By now, you have probably seen the headlines. Oracle. Amazon. Meta. Dell. Tens of thousands of jobs cut, and a lot of understandable concern about what it means. We hear it from clients every week.
What those headlines rarely show you is the rest of the picture. When you look at where the capital is actually flowing, where new roles are being created, and how the pieces fit together, a very different story emerges, one that is a lot more encouraging than the news cycle suggests.

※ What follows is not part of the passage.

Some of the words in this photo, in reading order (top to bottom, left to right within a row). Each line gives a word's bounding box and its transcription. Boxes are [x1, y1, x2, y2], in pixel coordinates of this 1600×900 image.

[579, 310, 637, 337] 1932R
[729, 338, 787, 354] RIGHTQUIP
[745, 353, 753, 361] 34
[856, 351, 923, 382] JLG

This is not a collapse. It is a reallocation. And every time the economy has gone through a shift like this, it has come out the other side more productive, more innovative, and better compensated. That is not optimism. That is history.
By the Numbers
| 113,863 Tech jobs cut in 2026 YTD As of May 18, 2026 | 170M New jobs projected by 2030 World Economic Forum estimate | +78M Net new jobs by 2030 After 92M displaced globally |
What Is Actually Happening
For roughly a decade, the biggest tech companies hired like crazy. Low interest rates, explosive growth, and pandemic-fueled digital demand meant headcount doubled every few years. When internet rates rose and growth normalized, something had to give.

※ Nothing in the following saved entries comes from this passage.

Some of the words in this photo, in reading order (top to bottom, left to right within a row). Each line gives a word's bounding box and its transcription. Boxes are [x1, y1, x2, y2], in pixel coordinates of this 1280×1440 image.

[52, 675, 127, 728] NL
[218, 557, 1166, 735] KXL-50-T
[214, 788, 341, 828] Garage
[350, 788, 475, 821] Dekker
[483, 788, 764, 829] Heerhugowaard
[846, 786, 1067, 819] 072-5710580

Now layer in artificial intelligence. The companies doing the most cutting right now are the exact same companies making the biggest bets in AI infrastructure. That is not a coincidence.

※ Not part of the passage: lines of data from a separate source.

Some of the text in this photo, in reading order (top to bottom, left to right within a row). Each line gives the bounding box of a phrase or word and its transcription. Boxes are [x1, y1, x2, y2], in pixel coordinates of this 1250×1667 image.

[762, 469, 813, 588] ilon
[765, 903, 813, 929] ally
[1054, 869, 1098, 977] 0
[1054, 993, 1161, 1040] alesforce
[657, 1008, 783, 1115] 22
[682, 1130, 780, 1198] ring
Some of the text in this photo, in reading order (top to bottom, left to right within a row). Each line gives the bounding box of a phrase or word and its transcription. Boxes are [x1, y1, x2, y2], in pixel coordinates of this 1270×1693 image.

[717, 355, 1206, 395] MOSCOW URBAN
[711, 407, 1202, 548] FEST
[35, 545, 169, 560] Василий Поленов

Here are a few numbers that rarely get mentioned in the same breath as the layoff stories:
- Amazon trimmed roughly 16,000 roles in 2026 while pouring $43.2 billion into capital spending in a single quarter. AWS is growing at its fastest pace in 15 quarters.
- Alphabet cut approximately 1,500 positions while its Google Cloud backlog nearly doubled to $462 billion and Q1 capital spending hit $35.7 billion, more than double the prior year.
- Meta is cutting about 8,000 jobs this spring. At the same time, it raised its 2026 capital spending guidance to between $125 billion and $145 billion. That is four to five times what Meta spends on its entire workforce.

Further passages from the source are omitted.